5. Focus on Your Recovery
As a makeup and wardrobe consultant, Adrienne Moncrief is a whiz at putting a pretty face on things. But even her extreme makeover skills were strained by the likes of Katrina. The storm demolished Moncrief’s home in Bay St. Louis, Miss., leaving the entrepreneur without a mailing list, catalog, Web site or product line.

But instead of dwelling on what she lost, Moncrief began studying her options like she might study the bare face of a client. Soon she saw all kinds of possibilities.

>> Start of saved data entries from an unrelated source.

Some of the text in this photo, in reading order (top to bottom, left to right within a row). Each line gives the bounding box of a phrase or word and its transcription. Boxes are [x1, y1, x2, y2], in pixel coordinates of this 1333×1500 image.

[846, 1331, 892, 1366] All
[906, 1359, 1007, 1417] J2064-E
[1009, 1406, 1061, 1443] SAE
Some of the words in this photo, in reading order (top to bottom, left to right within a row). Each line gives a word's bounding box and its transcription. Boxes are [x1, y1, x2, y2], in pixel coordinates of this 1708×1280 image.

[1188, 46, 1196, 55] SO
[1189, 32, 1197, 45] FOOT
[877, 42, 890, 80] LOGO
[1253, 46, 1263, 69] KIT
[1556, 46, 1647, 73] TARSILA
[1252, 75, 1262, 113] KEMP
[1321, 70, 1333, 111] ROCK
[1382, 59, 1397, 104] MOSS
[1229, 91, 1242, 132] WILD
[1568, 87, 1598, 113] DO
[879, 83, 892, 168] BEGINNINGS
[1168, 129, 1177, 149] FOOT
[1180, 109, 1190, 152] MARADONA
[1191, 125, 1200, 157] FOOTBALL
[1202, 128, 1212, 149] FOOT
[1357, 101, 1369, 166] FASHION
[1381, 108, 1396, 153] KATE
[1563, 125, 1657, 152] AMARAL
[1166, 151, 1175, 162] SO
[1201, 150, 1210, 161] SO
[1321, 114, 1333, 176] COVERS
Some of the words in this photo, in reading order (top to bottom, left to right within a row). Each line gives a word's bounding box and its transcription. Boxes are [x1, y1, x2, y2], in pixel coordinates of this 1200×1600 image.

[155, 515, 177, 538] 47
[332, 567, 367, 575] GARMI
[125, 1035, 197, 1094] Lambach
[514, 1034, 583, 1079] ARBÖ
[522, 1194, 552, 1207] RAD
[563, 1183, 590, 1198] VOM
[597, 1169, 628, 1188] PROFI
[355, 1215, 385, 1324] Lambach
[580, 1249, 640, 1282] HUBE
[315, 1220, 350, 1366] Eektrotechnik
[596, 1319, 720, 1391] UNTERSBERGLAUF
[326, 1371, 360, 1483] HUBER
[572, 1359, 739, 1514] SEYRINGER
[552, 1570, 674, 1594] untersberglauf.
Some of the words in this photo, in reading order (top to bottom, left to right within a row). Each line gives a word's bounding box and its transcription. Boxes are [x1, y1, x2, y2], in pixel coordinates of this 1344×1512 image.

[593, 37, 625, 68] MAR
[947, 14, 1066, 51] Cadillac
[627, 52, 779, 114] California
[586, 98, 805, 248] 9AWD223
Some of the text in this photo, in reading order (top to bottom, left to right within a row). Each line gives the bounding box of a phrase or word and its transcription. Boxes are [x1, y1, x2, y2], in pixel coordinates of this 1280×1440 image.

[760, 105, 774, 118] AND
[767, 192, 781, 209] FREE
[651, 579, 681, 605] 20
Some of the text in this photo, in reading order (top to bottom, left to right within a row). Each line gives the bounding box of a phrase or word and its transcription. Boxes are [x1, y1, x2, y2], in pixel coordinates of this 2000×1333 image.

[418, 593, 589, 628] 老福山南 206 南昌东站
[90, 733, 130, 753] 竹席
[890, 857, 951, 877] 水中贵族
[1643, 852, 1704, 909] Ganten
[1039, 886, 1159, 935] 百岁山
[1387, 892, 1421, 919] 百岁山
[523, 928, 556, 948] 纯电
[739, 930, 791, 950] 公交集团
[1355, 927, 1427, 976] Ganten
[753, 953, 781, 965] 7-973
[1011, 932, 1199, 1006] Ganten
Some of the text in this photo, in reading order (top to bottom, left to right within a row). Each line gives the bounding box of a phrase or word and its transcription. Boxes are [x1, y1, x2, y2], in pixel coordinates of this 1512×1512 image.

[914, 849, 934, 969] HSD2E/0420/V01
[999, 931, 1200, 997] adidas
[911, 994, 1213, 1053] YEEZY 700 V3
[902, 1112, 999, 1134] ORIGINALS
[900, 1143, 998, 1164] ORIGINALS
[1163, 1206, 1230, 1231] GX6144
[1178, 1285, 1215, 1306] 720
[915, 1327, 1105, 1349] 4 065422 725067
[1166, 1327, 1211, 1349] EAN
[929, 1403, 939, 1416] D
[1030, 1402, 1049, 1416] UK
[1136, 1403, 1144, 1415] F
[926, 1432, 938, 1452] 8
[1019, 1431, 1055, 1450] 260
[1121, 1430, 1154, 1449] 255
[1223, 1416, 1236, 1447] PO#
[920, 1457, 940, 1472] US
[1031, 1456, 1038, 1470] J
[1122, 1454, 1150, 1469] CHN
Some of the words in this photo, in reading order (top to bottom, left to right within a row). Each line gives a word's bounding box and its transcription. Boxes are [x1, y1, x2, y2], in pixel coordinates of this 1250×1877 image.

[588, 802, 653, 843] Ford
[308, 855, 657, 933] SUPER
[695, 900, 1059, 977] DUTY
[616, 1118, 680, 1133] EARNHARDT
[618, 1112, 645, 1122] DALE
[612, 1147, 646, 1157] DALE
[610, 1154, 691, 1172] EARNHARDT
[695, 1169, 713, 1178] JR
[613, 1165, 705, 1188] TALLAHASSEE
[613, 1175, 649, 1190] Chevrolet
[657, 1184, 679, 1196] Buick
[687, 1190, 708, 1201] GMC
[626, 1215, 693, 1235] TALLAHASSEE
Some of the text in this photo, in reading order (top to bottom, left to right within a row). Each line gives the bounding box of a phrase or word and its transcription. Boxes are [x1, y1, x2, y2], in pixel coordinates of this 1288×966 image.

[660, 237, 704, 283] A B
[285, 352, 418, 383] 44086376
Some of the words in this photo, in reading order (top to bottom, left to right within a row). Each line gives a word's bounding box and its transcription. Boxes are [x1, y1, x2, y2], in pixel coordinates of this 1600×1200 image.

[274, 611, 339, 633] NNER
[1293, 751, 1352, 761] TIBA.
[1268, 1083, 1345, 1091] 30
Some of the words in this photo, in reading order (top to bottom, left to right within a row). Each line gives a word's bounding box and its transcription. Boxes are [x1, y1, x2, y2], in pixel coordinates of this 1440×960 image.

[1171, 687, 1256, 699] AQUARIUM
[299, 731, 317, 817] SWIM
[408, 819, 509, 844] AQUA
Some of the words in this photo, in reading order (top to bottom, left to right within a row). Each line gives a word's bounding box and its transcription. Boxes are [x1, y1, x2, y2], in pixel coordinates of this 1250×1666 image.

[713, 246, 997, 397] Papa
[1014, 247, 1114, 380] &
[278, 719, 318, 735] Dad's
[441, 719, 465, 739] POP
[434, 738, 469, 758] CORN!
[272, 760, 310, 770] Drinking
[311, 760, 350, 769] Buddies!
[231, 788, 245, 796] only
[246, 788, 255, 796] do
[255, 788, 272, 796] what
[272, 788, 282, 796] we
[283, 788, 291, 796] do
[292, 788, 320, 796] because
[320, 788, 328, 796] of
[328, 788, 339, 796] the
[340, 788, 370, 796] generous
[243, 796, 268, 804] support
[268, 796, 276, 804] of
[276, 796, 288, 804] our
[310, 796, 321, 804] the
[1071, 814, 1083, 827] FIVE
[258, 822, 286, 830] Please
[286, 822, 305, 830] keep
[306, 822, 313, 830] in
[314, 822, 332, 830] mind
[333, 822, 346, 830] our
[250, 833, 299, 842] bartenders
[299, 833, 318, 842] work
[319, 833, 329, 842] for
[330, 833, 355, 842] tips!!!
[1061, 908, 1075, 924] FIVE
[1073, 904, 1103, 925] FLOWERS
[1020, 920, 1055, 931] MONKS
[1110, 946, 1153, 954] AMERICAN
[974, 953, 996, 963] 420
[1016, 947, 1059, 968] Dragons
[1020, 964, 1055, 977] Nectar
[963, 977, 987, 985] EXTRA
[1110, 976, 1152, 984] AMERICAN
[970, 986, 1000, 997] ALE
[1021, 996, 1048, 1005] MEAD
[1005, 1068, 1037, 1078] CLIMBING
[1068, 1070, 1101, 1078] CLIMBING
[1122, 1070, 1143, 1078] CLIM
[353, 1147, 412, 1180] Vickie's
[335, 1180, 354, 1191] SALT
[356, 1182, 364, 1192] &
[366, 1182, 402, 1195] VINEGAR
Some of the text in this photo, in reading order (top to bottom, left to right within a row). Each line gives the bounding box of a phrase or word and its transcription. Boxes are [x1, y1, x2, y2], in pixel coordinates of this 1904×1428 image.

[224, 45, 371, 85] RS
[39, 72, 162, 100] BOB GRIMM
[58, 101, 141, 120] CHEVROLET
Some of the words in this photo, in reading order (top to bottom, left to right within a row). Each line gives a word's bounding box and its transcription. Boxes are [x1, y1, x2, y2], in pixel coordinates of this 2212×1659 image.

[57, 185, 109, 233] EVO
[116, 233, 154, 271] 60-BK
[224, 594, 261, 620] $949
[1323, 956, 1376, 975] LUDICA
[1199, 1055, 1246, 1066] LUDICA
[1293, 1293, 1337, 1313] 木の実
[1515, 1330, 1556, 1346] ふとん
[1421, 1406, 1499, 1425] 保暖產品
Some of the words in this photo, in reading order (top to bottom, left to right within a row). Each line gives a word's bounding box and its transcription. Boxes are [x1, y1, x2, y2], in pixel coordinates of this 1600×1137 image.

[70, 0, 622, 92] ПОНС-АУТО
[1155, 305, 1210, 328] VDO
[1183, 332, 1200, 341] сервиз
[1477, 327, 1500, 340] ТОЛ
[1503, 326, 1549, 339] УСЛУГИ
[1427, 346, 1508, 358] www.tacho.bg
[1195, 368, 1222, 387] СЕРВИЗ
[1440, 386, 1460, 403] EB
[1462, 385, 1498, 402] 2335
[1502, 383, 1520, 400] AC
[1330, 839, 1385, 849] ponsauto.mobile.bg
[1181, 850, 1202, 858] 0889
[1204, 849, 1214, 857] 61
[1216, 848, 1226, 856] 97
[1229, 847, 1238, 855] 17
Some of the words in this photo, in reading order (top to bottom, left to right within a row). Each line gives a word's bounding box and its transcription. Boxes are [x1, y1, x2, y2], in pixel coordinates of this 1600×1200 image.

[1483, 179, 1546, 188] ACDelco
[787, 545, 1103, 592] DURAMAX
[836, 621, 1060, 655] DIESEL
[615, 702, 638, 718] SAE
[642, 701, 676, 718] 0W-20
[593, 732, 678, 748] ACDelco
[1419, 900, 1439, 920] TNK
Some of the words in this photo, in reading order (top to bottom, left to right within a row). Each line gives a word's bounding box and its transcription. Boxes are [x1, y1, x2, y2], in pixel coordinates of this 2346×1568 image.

“Transformation is what I’m all about,” she says. “Now people get to see if I practice what I preach.” Moncrief had already evacuated to Jackson, Miss., so she decided to stay put in her former hometown. Contacts there helped her buy a house, revise her mailing list and spread the word that she was back in business. “You need to let customers know right away you’re not going away,” she says.

Her first challenge post-Katrina was a pre-arranged photo shoot involving 13 female lawyers. Moncrief had no supplies, so the women brought their own makeup, and she supervised. “I made them look 10 times better, and she supervised. “I made them look 10 times better, and it was this wonderful illustration that it isn’t about what I’m using, it’s about my gift. I can do what I do anywhere with anything.”